J’en profite pour m’adresser à Jean-Charles.

— Il a continué à travailler pour vous ?

Il opine.

L’incident s’est produit trois mois avant leur départ. Bernier est resté chez eux jusqu’au dernier jour.

Après le Venezuela, son ami lui a proposé de se mettre en relation avec la société de sécurité pour laquelle il travaillait. Ils lui ont trouvé un poste.

Bernier ne leur a pas donné de détails sur sa destination, mais ils ont gardé le contact. Leurs fils voulaient discuter avec lui, le revoir, savoir ce qu’il devenait. Il leur envoyait un mail de temps en temps. Parfois, ils se téléphonaient, mais il était difficile à joindre.

Une idée me vient.

— À quoi ressemblait son ami ?

— Grand, costaud, le physique de l’emploi.

— Blond ?

— En effet. Il s’appelait Marc. Je ne connais pas son nom de famille, mais ça ne devrait pas être compliqué à retrouver. Il était le chauffeur du consul de France.

Raf revient à la charge.

— De quoi avez-vous parlé lors de vos derniers contacts ?

— Je l’ai eu au téléphone en fin d’année. Il m’a appris qu’il avait perdu son job. Il n’a pas donné de précisions, mais il m’a paru déprimé. Je l’ai rappelé au printemps, mais il n’a pas répondu. Fin mai, j’ai réessayé et laissé un message. Il m’a rappelé seulement une semaine plus tard.

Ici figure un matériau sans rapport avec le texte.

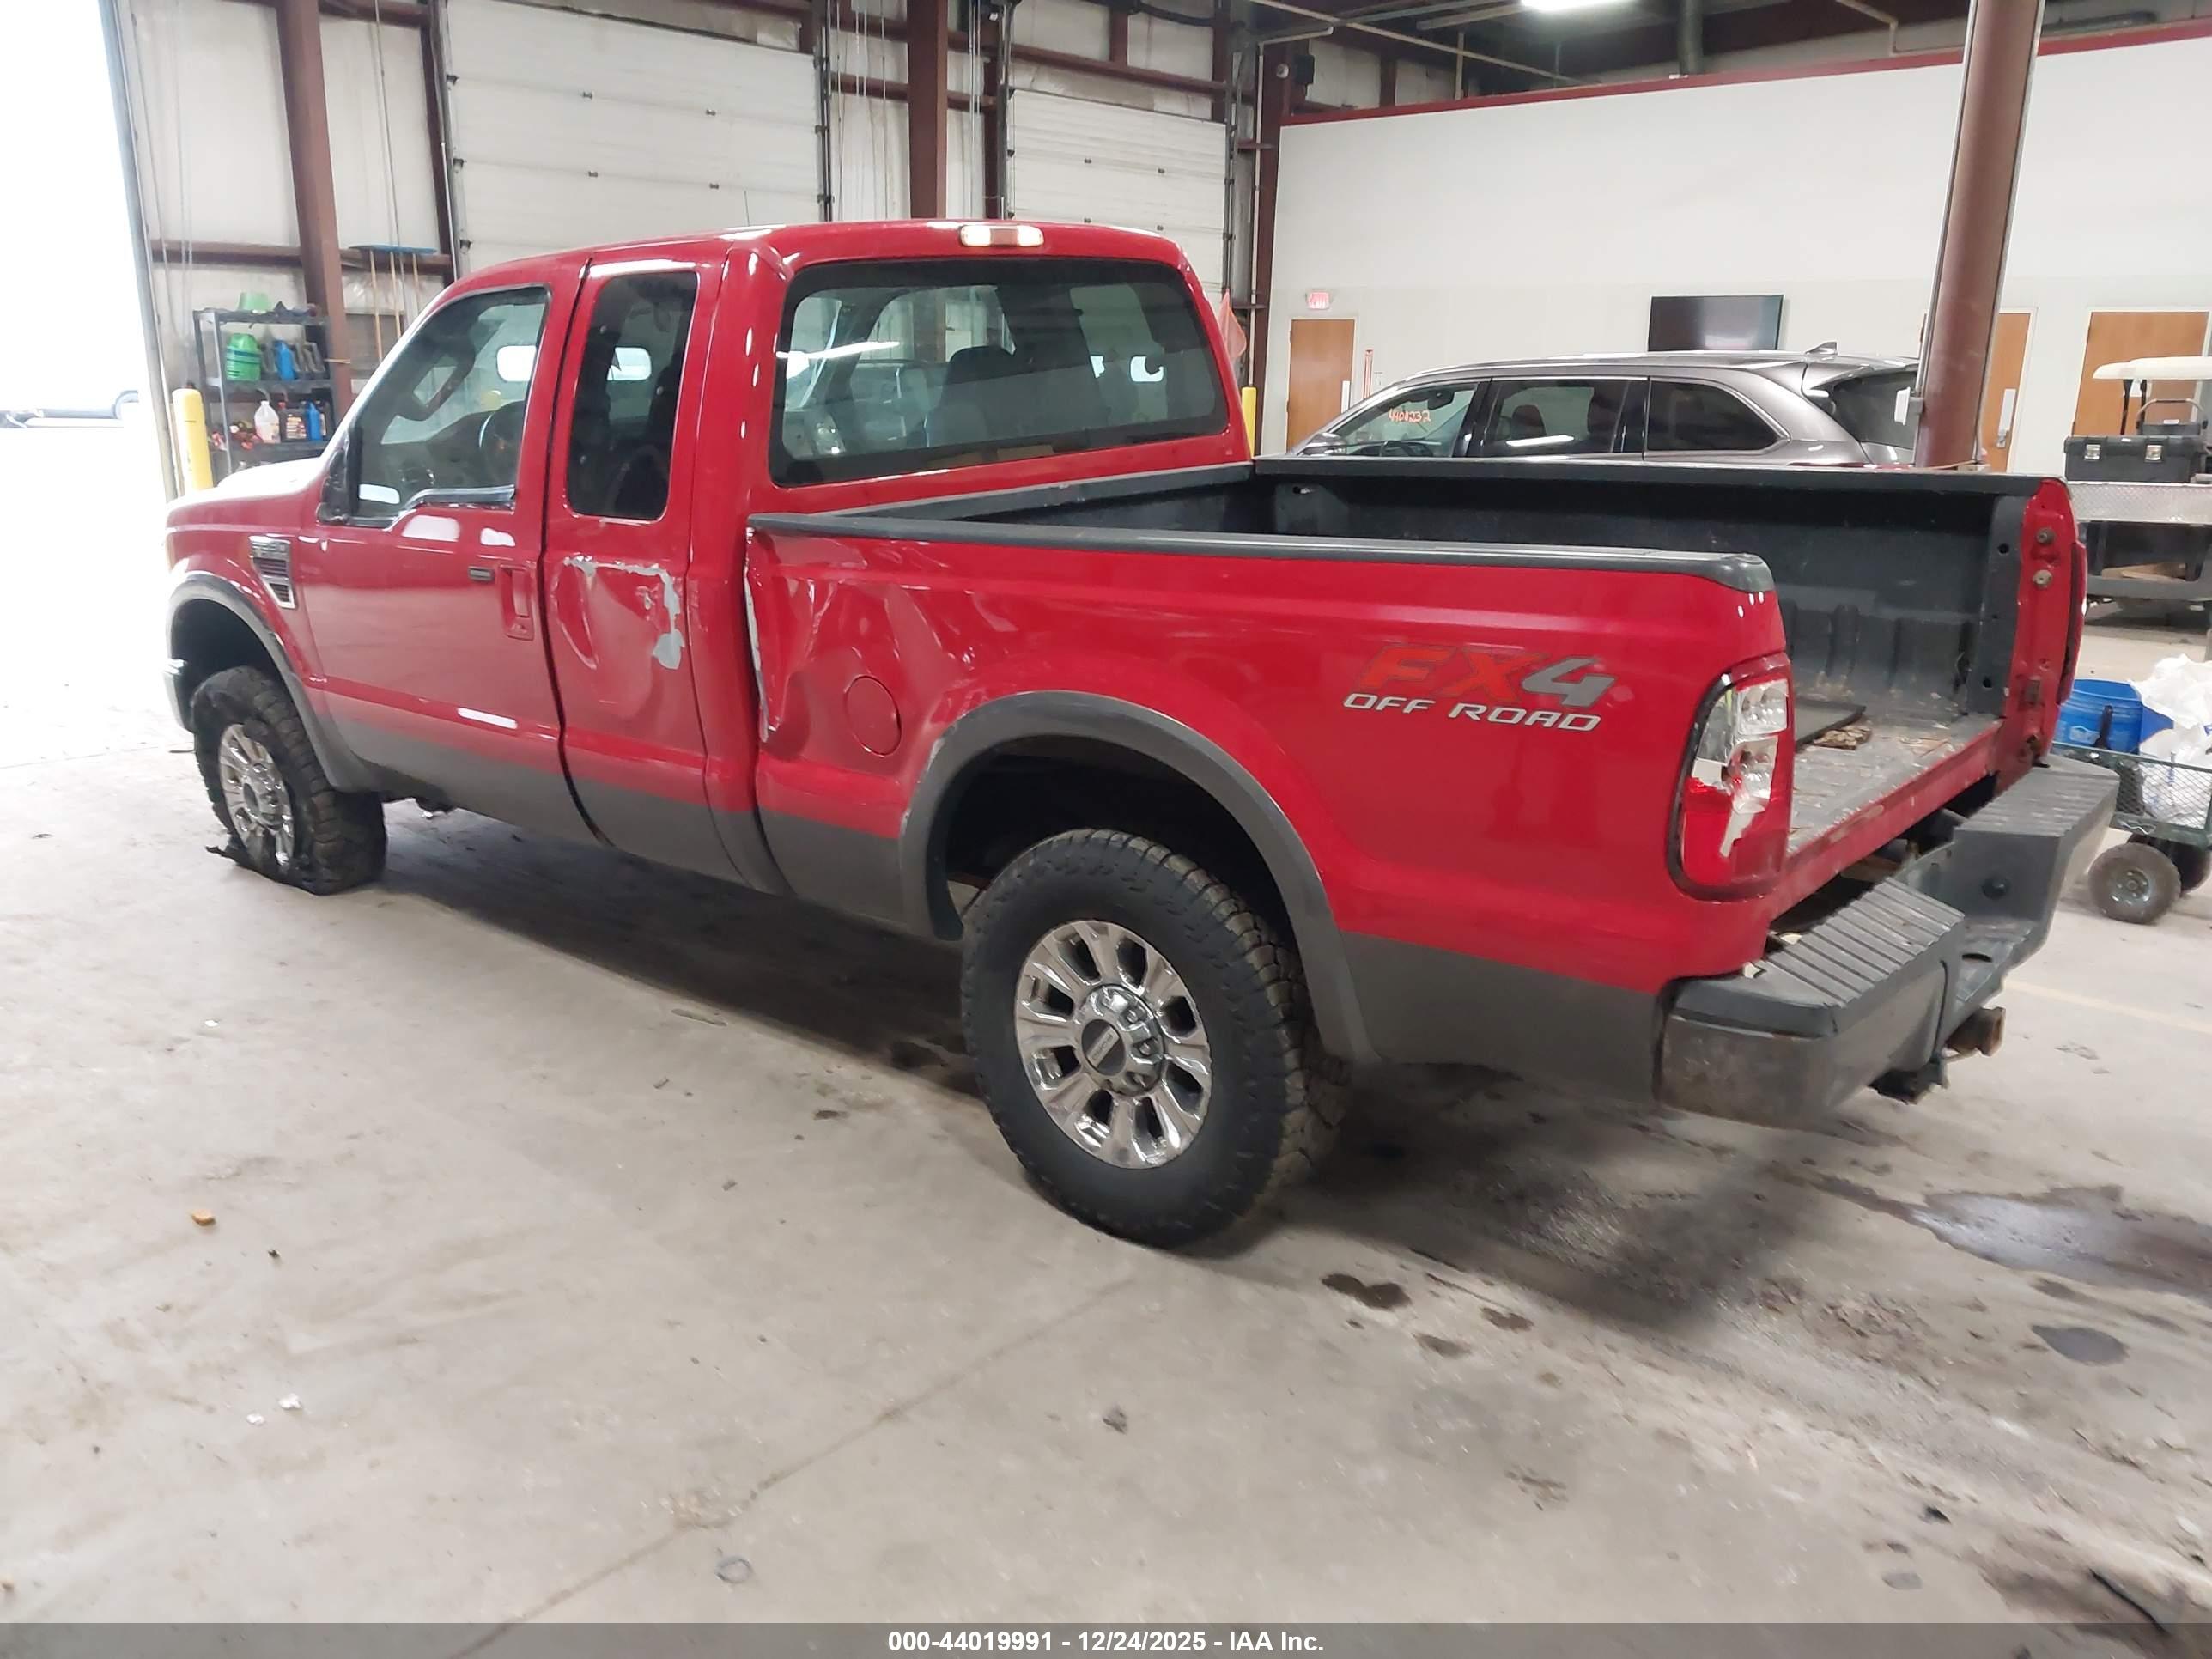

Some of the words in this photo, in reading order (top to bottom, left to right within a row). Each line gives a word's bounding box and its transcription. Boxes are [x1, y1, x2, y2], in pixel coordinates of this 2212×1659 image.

[1351, 645, 1616, 708] FX4
[1343, 693, 1436, 714] OFF
[1448, 702, 1601, 732] ROAD

— Qu’est-ce qu’il vous a dit ?

Il hausse les sourcils.

— Il n’avait pas le moral. Quelque chose le tracassait. Il m’a dit qu’il avait repris contact avec vous, mais que ça ne se passait pas bien. À la fin de la conversation, il est revenu sur les événements de Caracas et sur le gamin qu’il avait failli abattre. Avant de raccrocher, il a eu une réflexion étrange, une phrase un peu philosophique du genre : « Faut-il voir mourir des gens pour devenir humain ? » Je n’ai pas compris ce qu’il a voulu dire.

12 minutes avant l’appel

La manifestation tournait à l’émeute. Dans quelques instants, la situation deviendrait incontrôlable.

Elle devait fuir à tout prix, penser à elle, à eux.

Les assaillants atteignirent le rassemblement et se mirent à frapper sans discernement, ignorant les appels au calme. Cernés par la horde déchaînée, les gens refluèrent malgré eux vers l’entrée du bâtiment, seule issue leur permettant d’échapper au déluge de coups.

Elle se mit à hurler, mais ses cris se perdirent dans le tumulte. Prise de vertige, le cœur défaillant, elle fut entraînée par la marée humaine.

23. Cherchez la femme

— Une Yam XT 660, rien que ça ?

Je n’avais pas repéré son taxi devant la maison des della Faille. Il était arrivé avant moi et j’ignorais par quel moyen il était venu. Quand je l’ai vu récupérer son casque et son blouson, j’ai compris qu’il espérait m’impressionner.

Un sourire apparaît sur ses lèvres.

— C’est ce que je voulais. Un mono, naked, avec un couple énorme, qui arrache, pas un quatre-pattes de tapette. Sinon, autant se traîner en scooter.